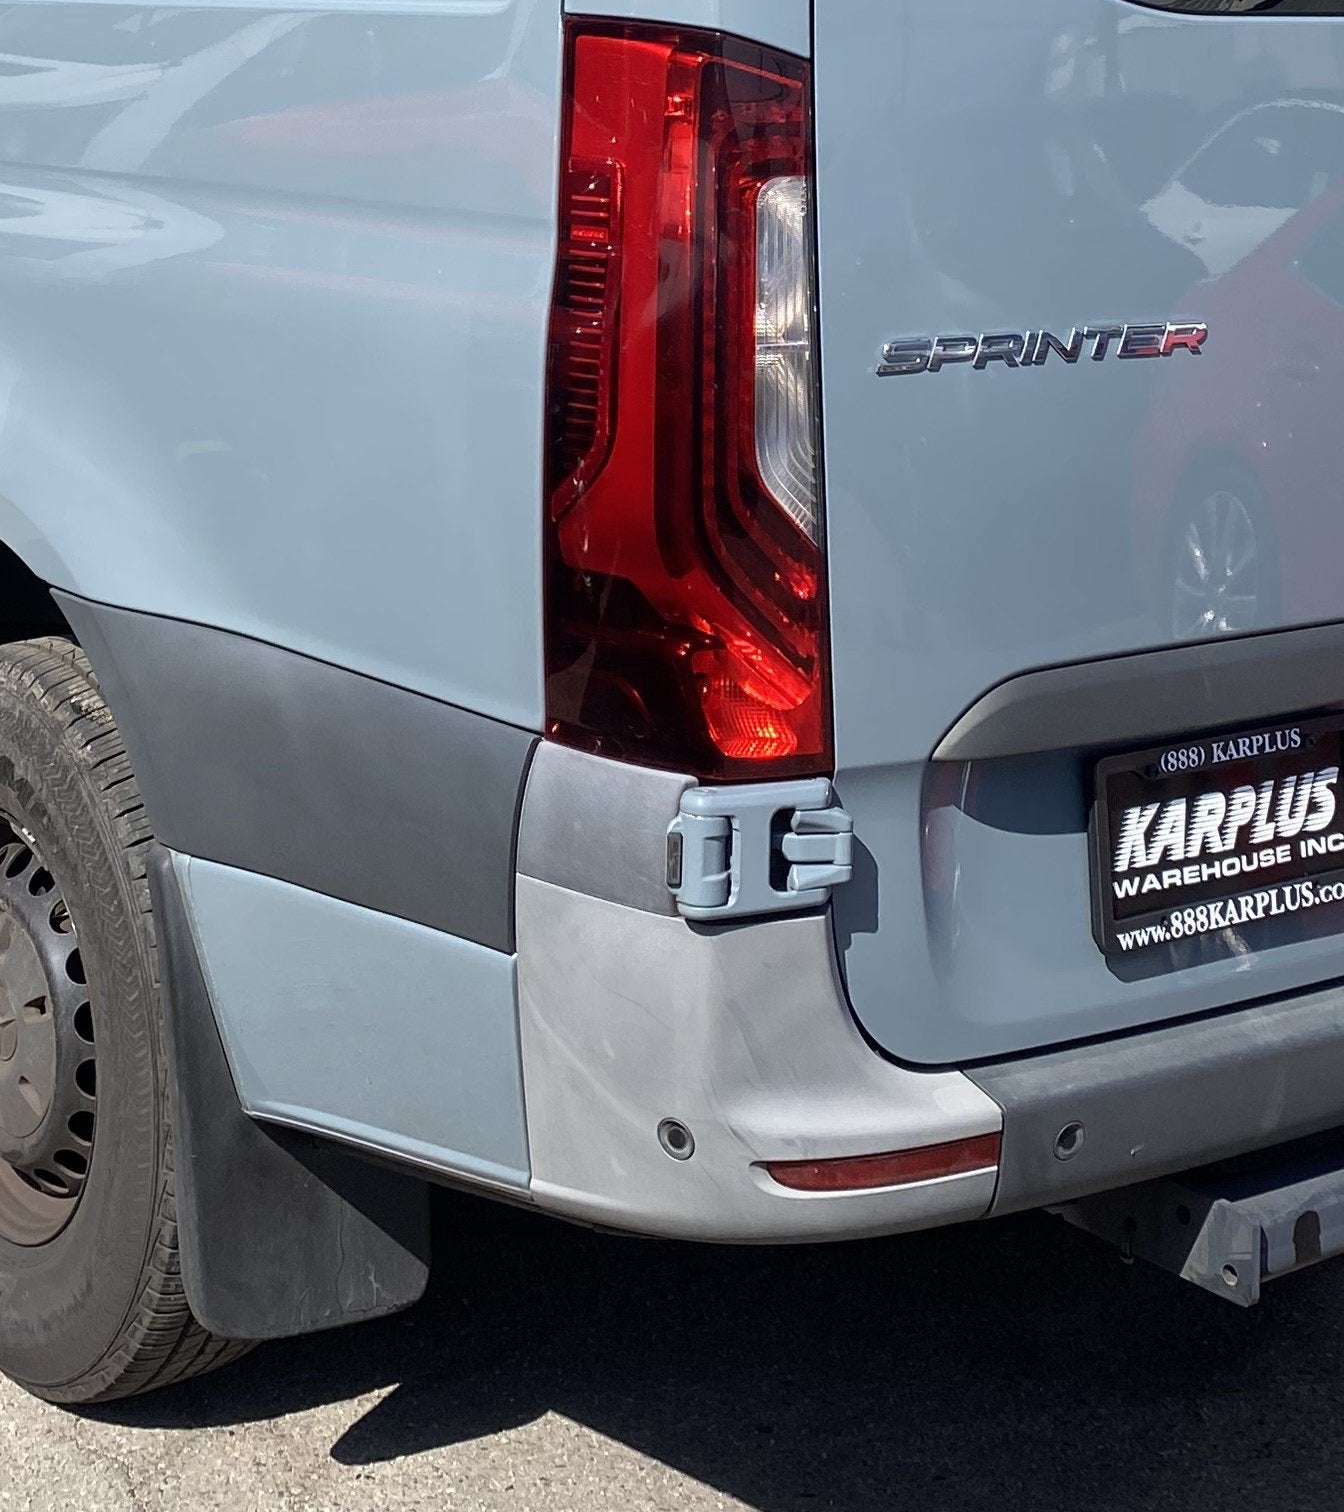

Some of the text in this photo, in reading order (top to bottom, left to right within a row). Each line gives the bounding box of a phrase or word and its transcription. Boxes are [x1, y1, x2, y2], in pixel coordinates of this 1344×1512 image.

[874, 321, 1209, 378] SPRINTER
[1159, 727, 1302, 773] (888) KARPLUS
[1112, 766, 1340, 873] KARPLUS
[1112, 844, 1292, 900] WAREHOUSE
◇ ◇ ◇ ◇ ◇
**Action item**
Provide an exact copy of the records, excluding every picture.

**Result for this task**
Some of the text in this photo, in reading order (top to bottom, left to right within a row). Each line gives the bounding box of a phrase or word and its transcription. Boxes are [x1, y1, x2, y2], in pixel coordinates of this 1344×1512 image.

[874, 321, 1209, 378] SPRINTER
[1159, 727, 1302, 773] (888) KARPLUS
[1112, 766, 1340, 873] KARPLUS
[1112, 844, 1292, 900] WAREHOUSE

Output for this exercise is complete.